Guess what...If it is a picture that YOU like, NOT offensive to minors that might look at this forum, and if it was me.....You KNOW what I'd tell him, don't you.:moon:moon:looser

I find your picture Offensive...it's you stabbing that SOB and not MEokeoke


----------



## Tuna Man (Oct 2, 2007)

> *wld1985 (6/9/2008)*But he might be running a slow connection, like 56K or something and it's hard for him to pull a page up since your picture is so big it takes awhile to load...


Well that guy must of sent out about 50 other E-Mails or PM's


----------



## FlounderAssassin (Sep 28, 2007)

i see nothing wrong with it at all! Great Pic!!!


----------



## FlounderAssassin (Sep 28, 2007)

> *Tuna Man (6/9/2008)*
> 
> 
> > *wld1985 (6/9/2008)*But he might be running a slow connection, like 56K or something and it's hard for him to pull a page up since your picture is so big it takes awhile to load...
> ...


i didnt get one from him...not yet atleast! if it was that he would have ask him to take it off not get a new one.


----------



## Midnight Rider (Sep 30, 2007)

> *Tuna Man (6/9/2008)*
> 
> 
> > *wld1985 (6/9/2008)*But he might be running a slow connection, like 56K or something and it's hard for him to pull a page up since your picture is so big it takes awhile to load...
> ...


Why do you say that Tuna Man??????????Has he struck again?????


----------



## Tuna Man (Oct 2, 2007)

It's not the size of the picture it's the fact that your "dumb ass proud of same fish" :banghead


----------



## Tuna Man (Oct 2, 2007)

> *Midnight Rider (6/9/2008)*
> 
> 
> > *Tuna Man (6/9/2008)*
> ...





> *wld1985 (6/9/2008)*I dont see anything wrong with it.. But he might be running a slow connection, like 56K or something and it's hard for him to pull a page up since your picture is so big it takes awhile to load...


I was referring to Bill's post and that there are about 50 others here with pictures that take time to load if on dial up...but that isn't the case.


----------



## X-Shark (Oct 3, 2007)

I like the pix. The 1st time I saw it, it told me where your going.  And there are Flounder to be had there. HeHe





Seriously Knowing the main ramp you use and the limits of the size boat you have really did.
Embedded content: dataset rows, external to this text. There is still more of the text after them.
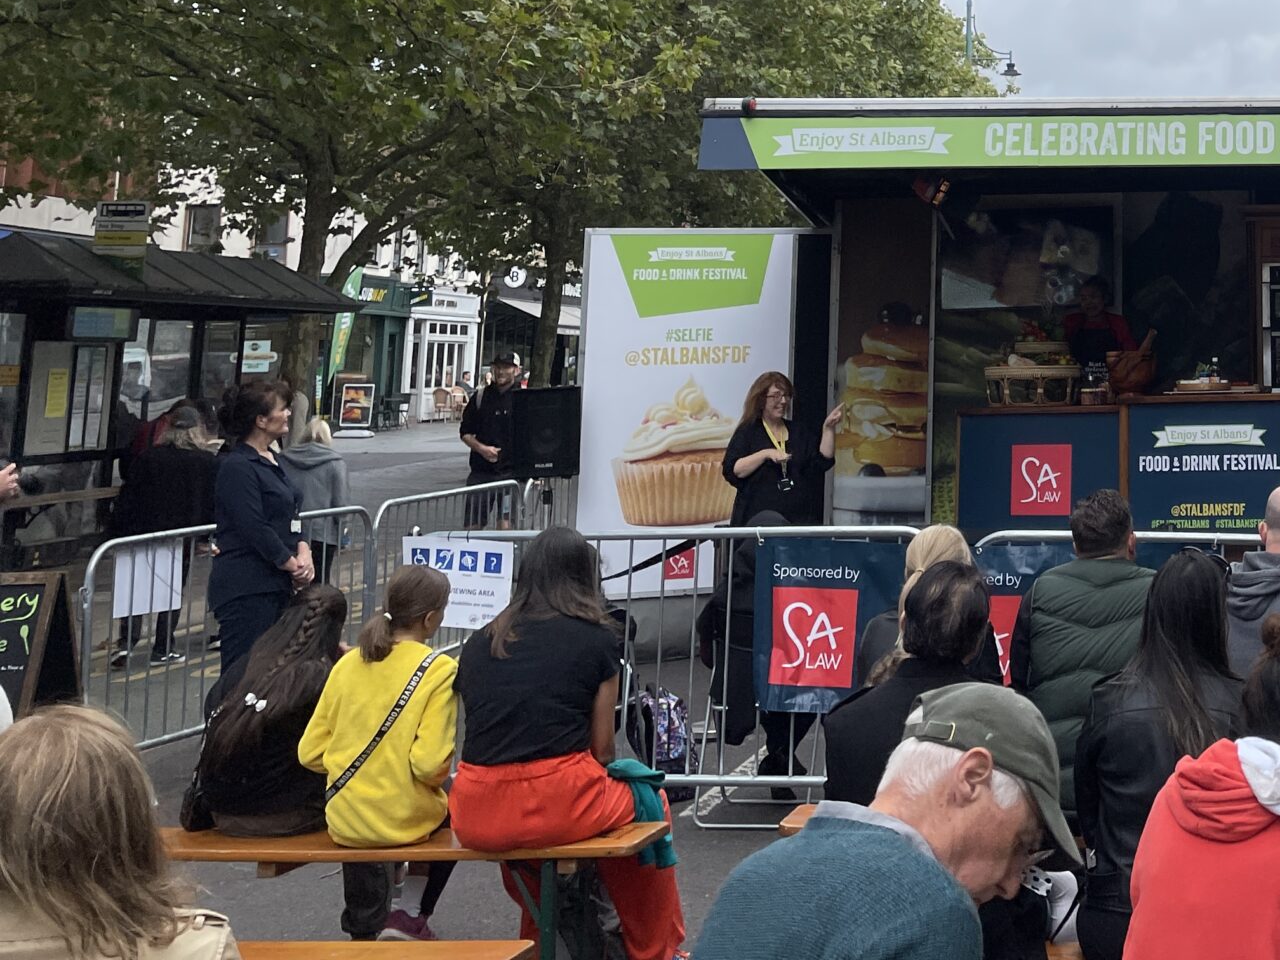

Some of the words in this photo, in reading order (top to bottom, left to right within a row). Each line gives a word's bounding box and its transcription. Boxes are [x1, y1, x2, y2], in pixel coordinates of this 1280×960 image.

[799, 133, 844, 150] Enjoy
[850, 132, 865, 147] St
[869, 131, 926, 146] Albans
[985, 121, 1186, 157] CELEBRATING
[1199, 120, 1275, 155] FOOD
[660, 249, 683, 260] Enjoy
[684, 248, 694, 258] St
[695, 248, 724, 258] Albans
[633, 269, 660, 281] FOOD
[661, 269, 668, 280] &
[669, 268, 700, 280] DRINK
[702, 267, 748, 280] FESTIVAL
[665, 328, 714, 342] #SELFIE
[624, 345, 752, 367] @STALBANSFDF
[1170, 430, 1199, 442] Enjoy
[1200, 429, 1211, 439] St
[1213, 428, 1248, 439] Albans
[1139, 455, 1170, 472] FOOD
[1172, 456, 1180, 472] &
[1182, 454, 1220, 471] DRINK
[1223, 453, 1280, 470] FESTIVAL
[1020, 456, 1062, 503] SA
[1037, 491, 1062, 503] LAW
[1170, 503, 1246, 517] @STALBANSFDF
[772, 563, 844, 582] Sponsored
[845, 566, 861, 582] by
[1005, 573, 1022, 587] by
[478, 589, 495, 597] AREA
[781, 601, 844, 669] SA
[805, 652, 843, 671] LAW
[399, 670, 423, 706] FOREVER
[381, 707, 401, 732] YOUNG
But I'm not telling. It's our secret.


----------



## Longbeard (Apr 24, 2008)

leave the pic alone there aint a thing in the world wrong with it


----------



## sniper (Oct 3, 2007)

THere is a thing in the control panel where you cen set it to NOT snow signatures. This cuts down on a ton of load time. I have cable but I was getting tired of the tread being a mile long every time I wanted to read something so I turned it off and it is great now.


----------



## Telum Pisces (Sep 27, 2007)

> *sniper (6/10/2008)*THere is a thing in the control panel where you cen set it to NOT snow signatures. This cuts down on a ton of load time. I have cable but I was getting tired of the tread being a mile long every time I wanted to read something so I turned it off and it is great now.


Bingo, we have a winner. I turn off all the signitures. It makes the forum more readable without all the sigs. I don't mind looking at them at all. I just like the clean, smooth reading without the sigs on.


----------



## I'm A Flounder (Jun 10, 2008)

as a member of the Paralichthys Lethostigma family I'm extremely offended by your pic. How would you like it if I put a pic of some kid with a spear poking in him being dangled over the water? Wouldn't like it would you?

You just don't understand what my family goes through. Here we are, laying there sleeping, trying to rest from a day spent avoiding the dangers of the underwater world when _BAM!!!! _some guy spears you in the head.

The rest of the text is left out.